OPINIÓN

El coronavirus llegó a la Amazonia

por Ernesto Andrés Fuenmayor Ernesto Andrés Fuenmayor

Es un hecho conocido que fueron las enfermedades traídas por los colonizadores españoles, no sus lanzas, las que causaron los mayores estragos entre aquellos indígenas del siglo XVI. El número de fallecidos es un tema debatido, pero comúnmente se estima que 95% de la población aborigen murió padeciendo viruela, gripe, fiebre tifoidea y demás. El autor cubano Carlos Alberto Montaner estipula en su libro Las raíces torcidas de América Latina‘ que cerca de 25.000 españoles se apoderaron de un territorio que contaba con casi 30 millones de habitantes, hazaña imposible de no haber sido por el factor epidémico.

Podemos imaginar que las enfermedades del hombre blanco desempeñan un papel aterrorizante en el imaginario colectivo de las poblaciones originarias latinoamericanas. En la actual pandemia tienen que enfrentar una vez más a ese enemigo histórico, lo cual va a ser un reto inmenso sobre todo en países como Brasil. Allí convergen la Amazonia, la selva tropical más biodiversa del planeta, y Jair Bolsonaro, un analfabeto ecológico plagado de prejuicios étnicos.

La mayoría de los 400 pueblos indígenas amazónicos están en territorio brasileño. Frecuentemente tienen la intención de vivir aislados, adentrados en la selva, pero las incursiones de la minería ilegal lo hacen imposible. Desde el Ejecutivo, Bolsonaro aplaude dicha práctica, y en los últimos meses han aumentado considerablemente las denuncias de invasiones. Esto, aunado con el desmantelamiento de los órganos de protección indígena y el trato desinteresado que el gobierno da a la pandemia, termina creando un ambiente potencialmente catastrófico. Debido a la carencia de planes preventivos a nivel nacional, la agrupación local Unijava tuvo que presentar una demanda ante un tribunal hace pocos días para impedir que misioneros evangélicos entraran a territorios aborígenes en el Valle del Javari (Brasil). Temiendo un genocidio, los representantes lograron forzar esta sentencia sin precedentes. Pareciera que van a ser estas iniciativas, y no el gobierno nacional, las que van a salvar vidas en la Amazonia.
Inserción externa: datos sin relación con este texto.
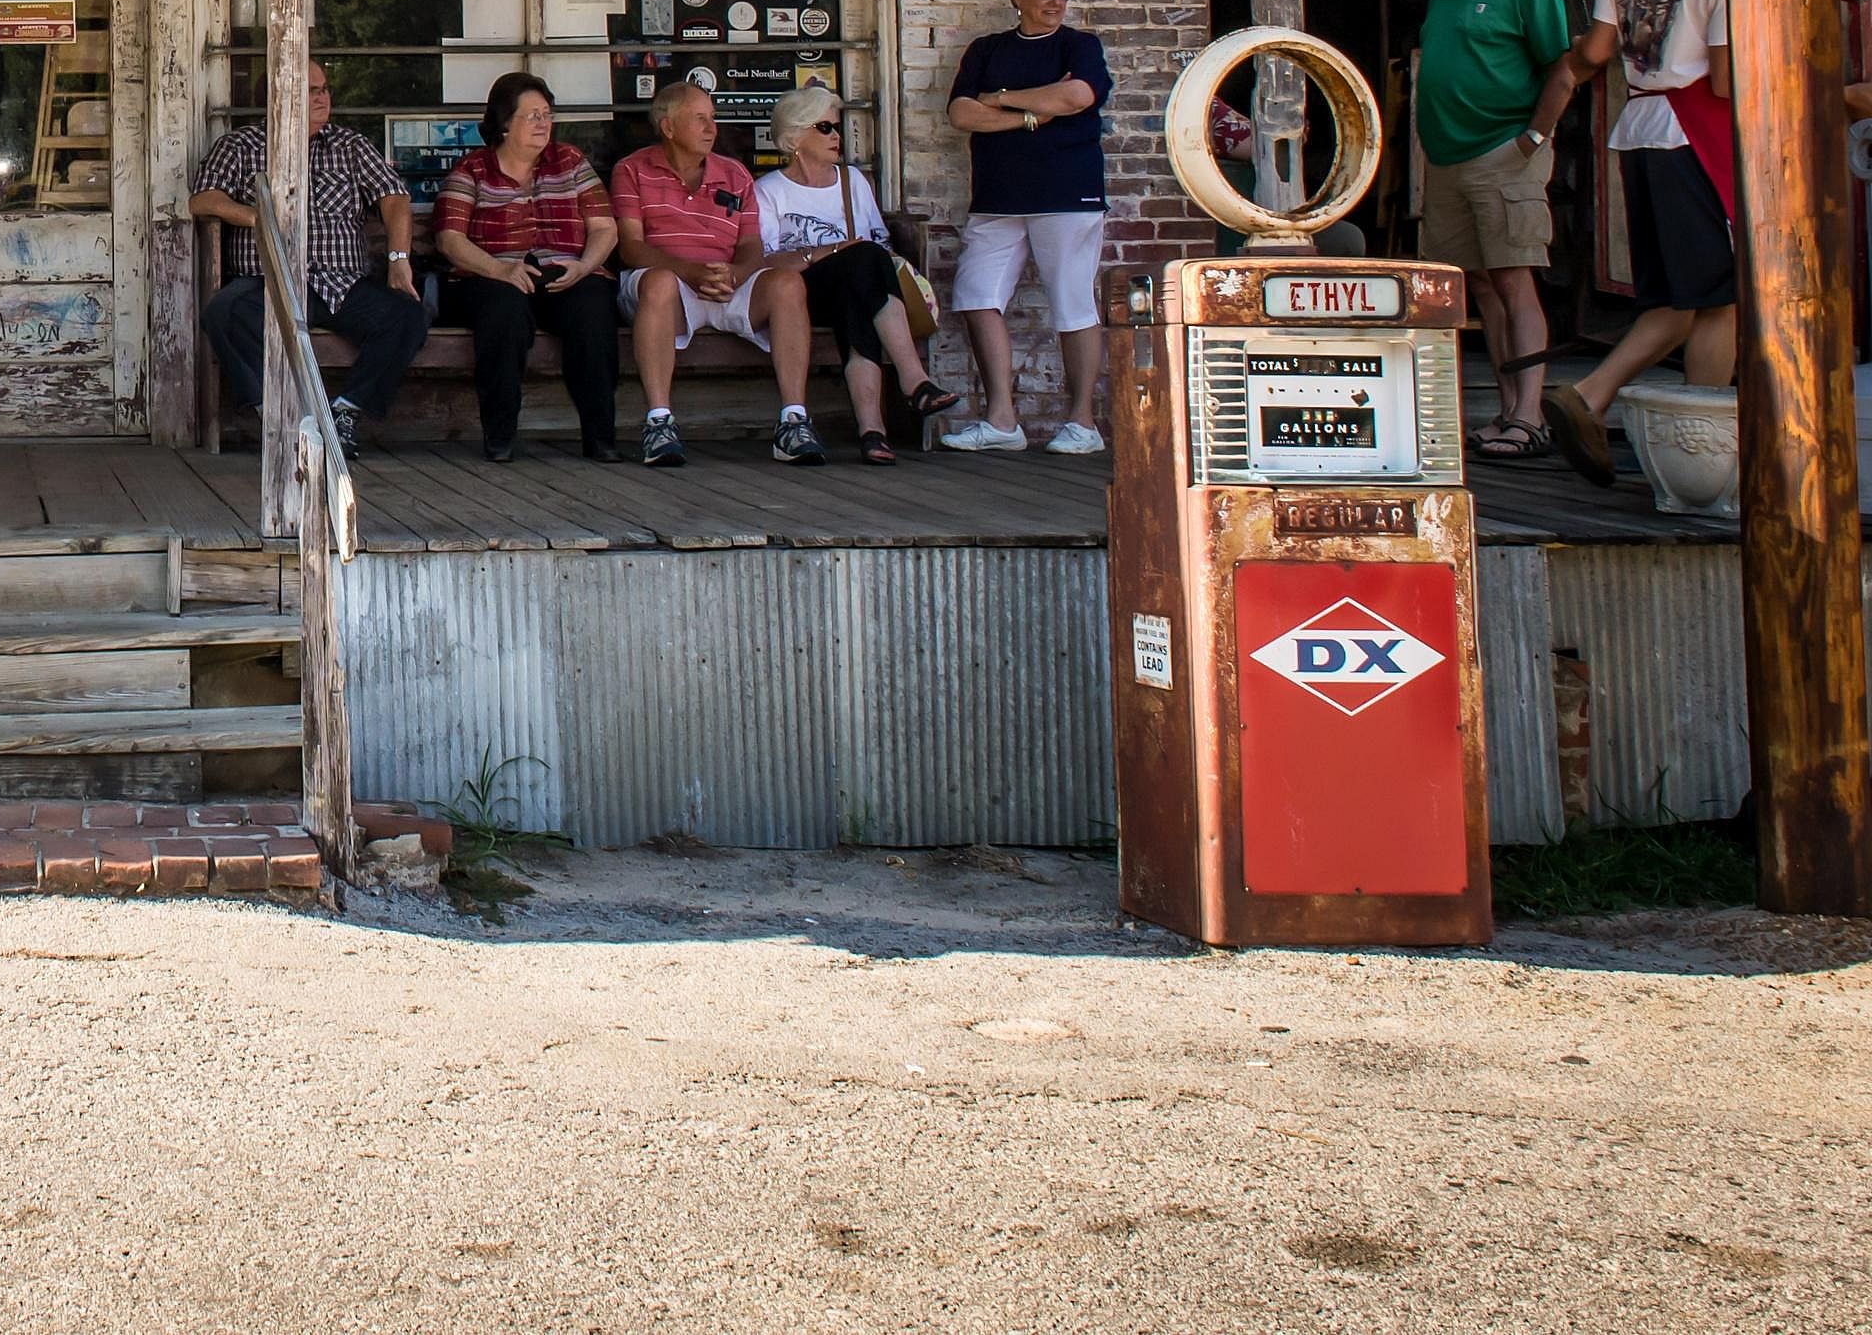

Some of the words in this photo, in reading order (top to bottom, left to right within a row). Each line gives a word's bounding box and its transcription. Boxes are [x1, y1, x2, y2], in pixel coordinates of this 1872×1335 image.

[726, 69, 749, 78] Chad
[750, 69, 791, 79] Nordhoff
[1288, 281, 1377, 313] ETHYL
[1250, 360, 1290, 371] TOTAL
[1342, 362, 1377, 372] SALE
[1279, 423, 1359, 434] GALLONS
[1286, 505, 1405, 529] REGULAR
[1137, 639, 1168, 656] CONTAINS
[1291, 637, 1407, 674] DX
[1141, 655, 1164, 672] LEAD
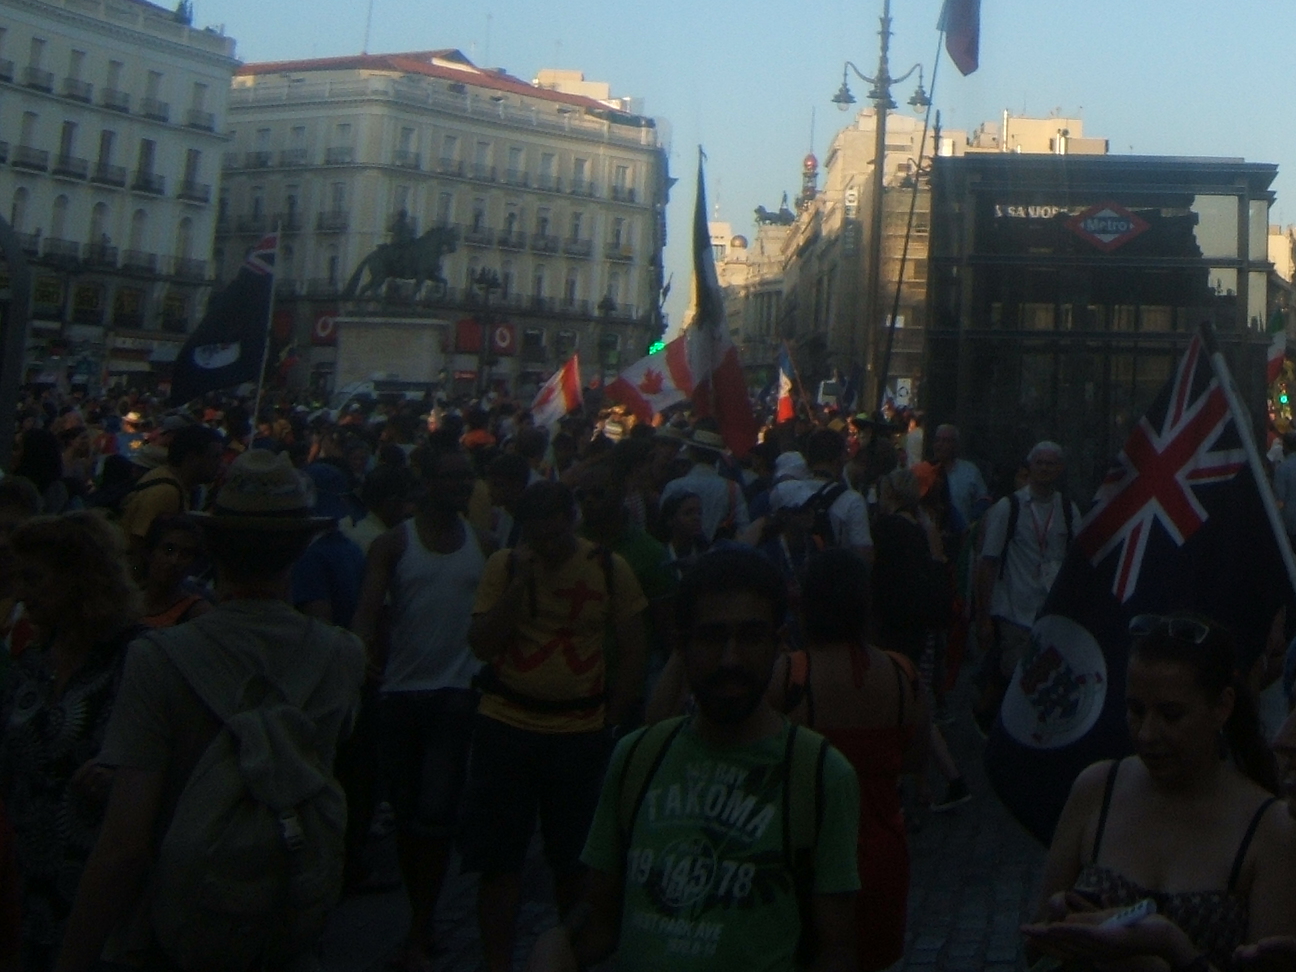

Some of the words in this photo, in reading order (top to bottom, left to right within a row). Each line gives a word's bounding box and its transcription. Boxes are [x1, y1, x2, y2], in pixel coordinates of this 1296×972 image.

[1086, 218, 1128, 232] Metro
[645, 781, 776, 840] TAKOMA
[717, 860, 756, 897] 78
Cerca de veinte casos y tres fallecidos se han reportado ya entre las poblaciones indígenas brasileñas (19 de abril). Un contagio desbordado sería letal. Ya se vio un caso similar a finales de los ochenta cuando miles de yanomamis murieron contagiados con enfermedades que mineros ilegales trajeron a la selva. Los sistemas inmunes de los aborígenes se desarman frente a las infecciones extranjeras. Además, sus tareas cotidianas exigen trabajo colectivo, y las condiciones materiales no permiten llevar a cabo un distanciamiento social estricto.
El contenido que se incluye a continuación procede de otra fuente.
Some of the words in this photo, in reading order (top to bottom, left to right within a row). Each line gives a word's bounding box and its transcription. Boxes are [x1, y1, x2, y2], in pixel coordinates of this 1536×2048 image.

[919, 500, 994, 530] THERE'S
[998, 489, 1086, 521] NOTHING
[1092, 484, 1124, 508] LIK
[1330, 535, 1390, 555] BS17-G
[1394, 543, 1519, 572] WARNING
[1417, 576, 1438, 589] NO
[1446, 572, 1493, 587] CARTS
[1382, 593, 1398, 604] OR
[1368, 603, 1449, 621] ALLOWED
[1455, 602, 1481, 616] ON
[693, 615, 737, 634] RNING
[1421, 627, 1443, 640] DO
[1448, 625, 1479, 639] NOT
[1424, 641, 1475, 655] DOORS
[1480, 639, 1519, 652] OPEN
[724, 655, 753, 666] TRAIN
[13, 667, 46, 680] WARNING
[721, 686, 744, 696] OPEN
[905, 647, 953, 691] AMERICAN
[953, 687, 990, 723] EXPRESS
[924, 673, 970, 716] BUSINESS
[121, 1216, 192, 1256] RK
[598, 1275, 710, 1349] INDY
Los indígenas son parte esencial del mosaico cultural latinoamericano. La variedad lingüística, la tradición musical, sus mitologías y demás elementos contrastan con la homogeneidad de la cultura occidental, tan grecorromana, tan judeocristiana. Simbolizan, además, de manera obvia esa conexión con el mundo natural que la alienación urbana nos ha quitado.

Jair Bolsonaro representa esa homogeneidad, esa alienación, ese pragmatismo genérico que llama progreso a la destrucción ciega del entorno natural. Todos los ministros del Medio Ambiente brasileños que siguen con vida, exceptuando al actual, dieron una rueda de prensa hace poco menos de un año denunciando que Bolsonaro estaba desmantelando los avances hechos en política ecológica en las últimas décadas. Observan aterrorizados cómo su esfuerzo colectivo se desvanece ante la ambición desbordada de este Trump tropical.

La desaparición de tradiciones culturales milenarias constituye una tragedia que se debe evitar a toda costa. La responsabilidad recae sobre ONG, organismos internacionales, medios de comunicación y la ciudadanía. Defender estos focos de diversidad cultural debe ser prioritario, sobre todo cuando sabemos que las autoridades locales no tienen tan siquiera la voluntad de establecer planes preventivos.